私もその一員となって、今日も今日とて恩賜上野動物園にやってきていた。とはいえ、今日は私ひとりだ。星さんと那津は何やら用があるとかで別行動である。もっとも私が気になっているのは、もはや九尾の狐よりもメリーベルの行方なので、都合が良いと言えないこともない。
差した和傘の四方から雨水が滴っている。水の帳が私を世界から隔てるような、そんな感覚。
「……うん?」
入場しようと正門の列までやってきて、何やら物々しい雰囲気に気付く。黒い制服をきっちり着込んだ警官が2人、動物園の職員らしきひとと自転車の側で話し込んでいる。何か事件でも起こったのだろうか。
やがて待機の列を通って、噂が漣のごとく私の下まで伝播してきた。
―― 九尾の狐が消えたんだってよ。
―― 本当に? そりゃまたどうして。
―― よく分からないけど、それで警察が来てるんでしょ。
―― ちぇっ、せっかく雨の中来たってのに。
―― まぁ、本物の九尾の狐なら、そりゃ動物園なんかからは出ていくよな。
私は目を丸くした。九尾の狐が、消えた?
噂を受けて、九尾の狐だけが目当てだったのだろう客が、ちらほらと列を抜け始める。おかげで思ったよりもずっと早く入場できたが、先程の噂が真実だとすれば、事態はさらにややこしいことになる。袴の裾が濡れるのも厭わず、私はキツネの群れが展示されている檻へと走った。
昨日とは打って変わって、そこに見物人はいなかった。警察が規制線を引いており、そもそも檻に近づけないのだ。『キツネ舎の展示は中止いたします』との急造の看板も立てられている。何か事件が起こったことは明白だった。

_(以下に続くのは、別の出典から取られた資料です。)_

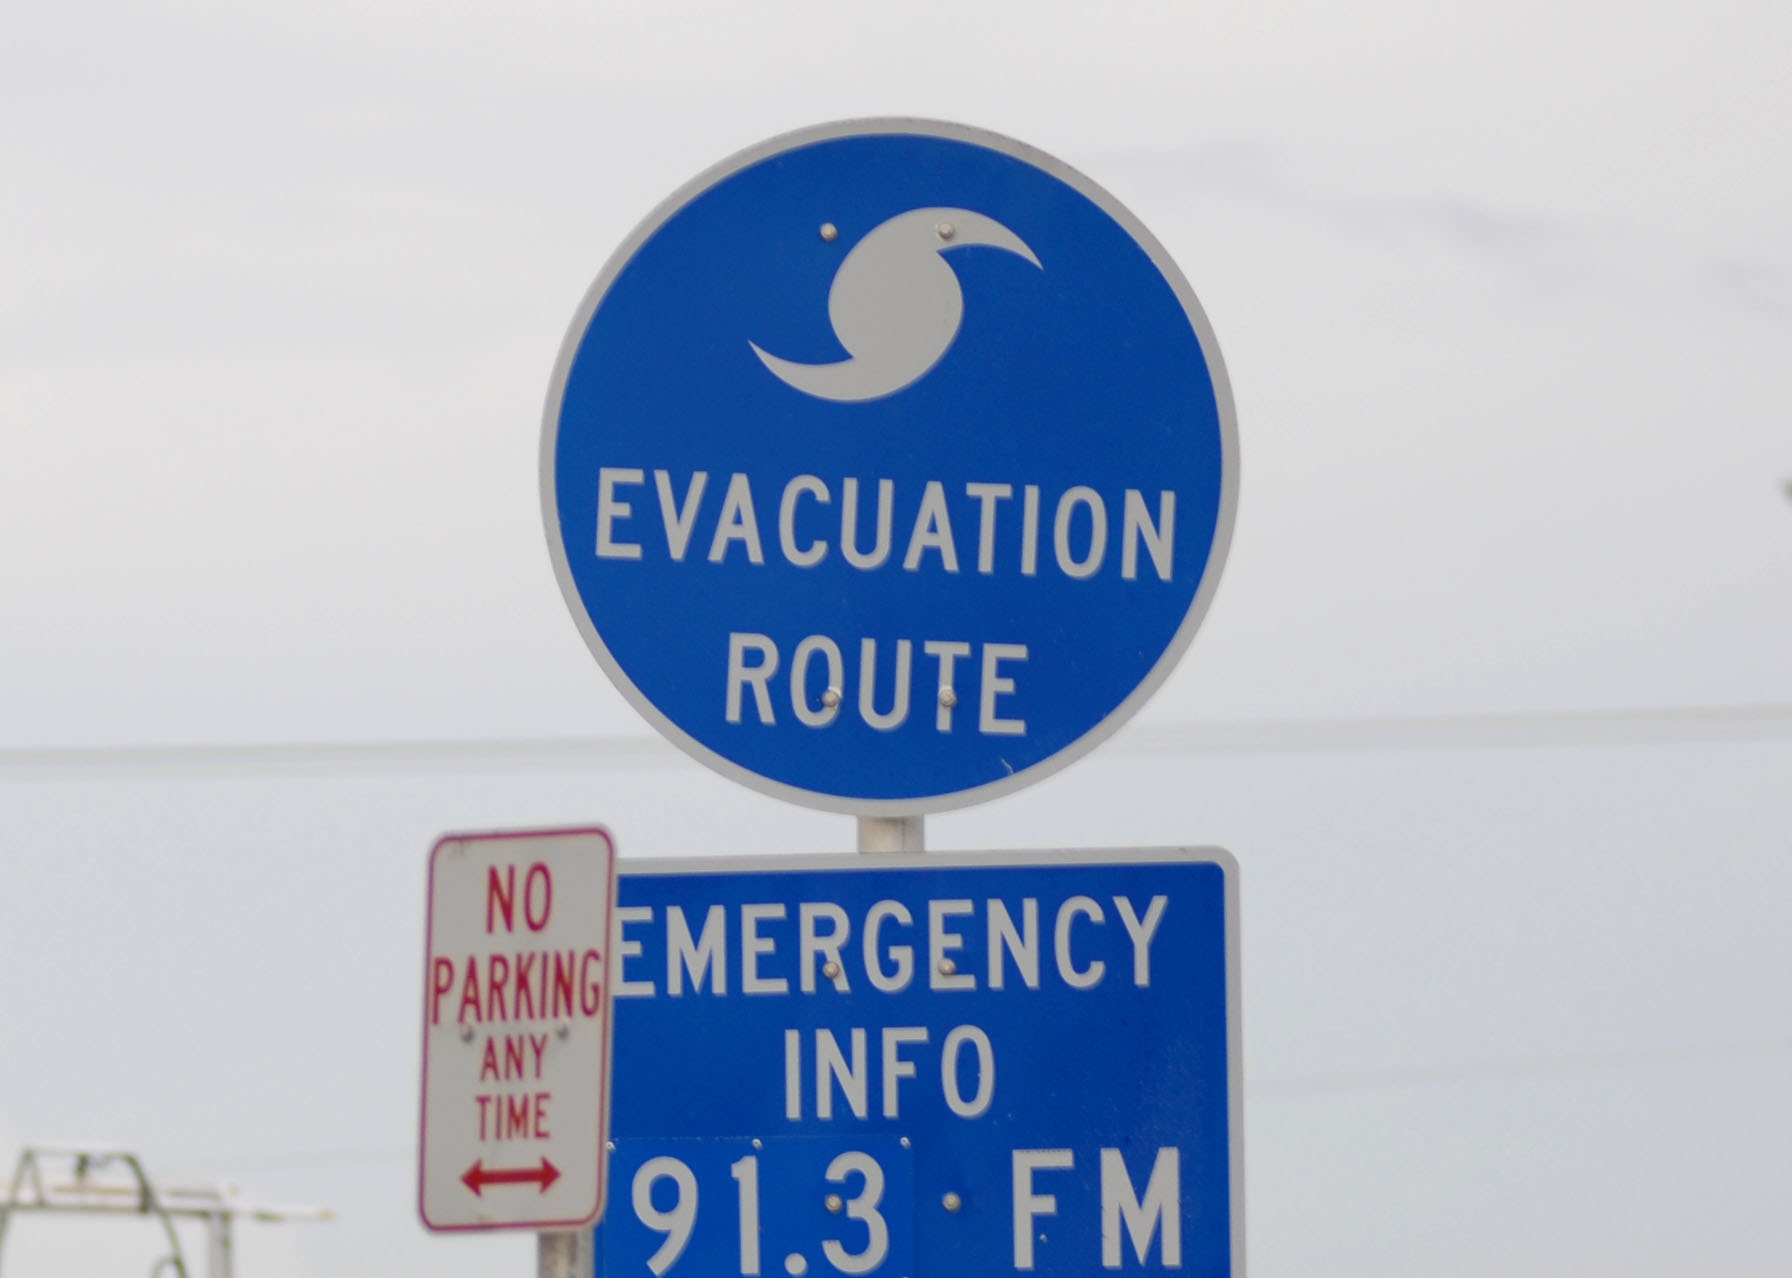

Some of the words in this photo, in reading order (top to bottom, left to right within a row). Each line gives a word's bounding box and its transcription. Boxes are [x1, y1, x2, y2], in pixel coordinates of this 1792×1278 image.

駄目で元々、とその辺りの警官に話しかけてみたものの、けんもほろろに追い返される。心の中だけでべぇと舌を出しながら、さてどこから潜り込んでやろうかと考える。巫女は妖怪騒ぎの調停者なのだからそれくらいの権限は持っていて然るべきだろう。そう意気込んではみたものの、包囲線は存外に固く、蟻の子1匹通れそうになかった。おまけに私を見咎めた警官に怒鳴られる始末だ。今度は心の中だけでなく、実際にしっかりと舌を突き出してやった。すると肩を怒らせて警棒を持ち出してきたので、私は一目散に退却した。おぉ怖い。小娘ひとりにそんな真剣にならなくても。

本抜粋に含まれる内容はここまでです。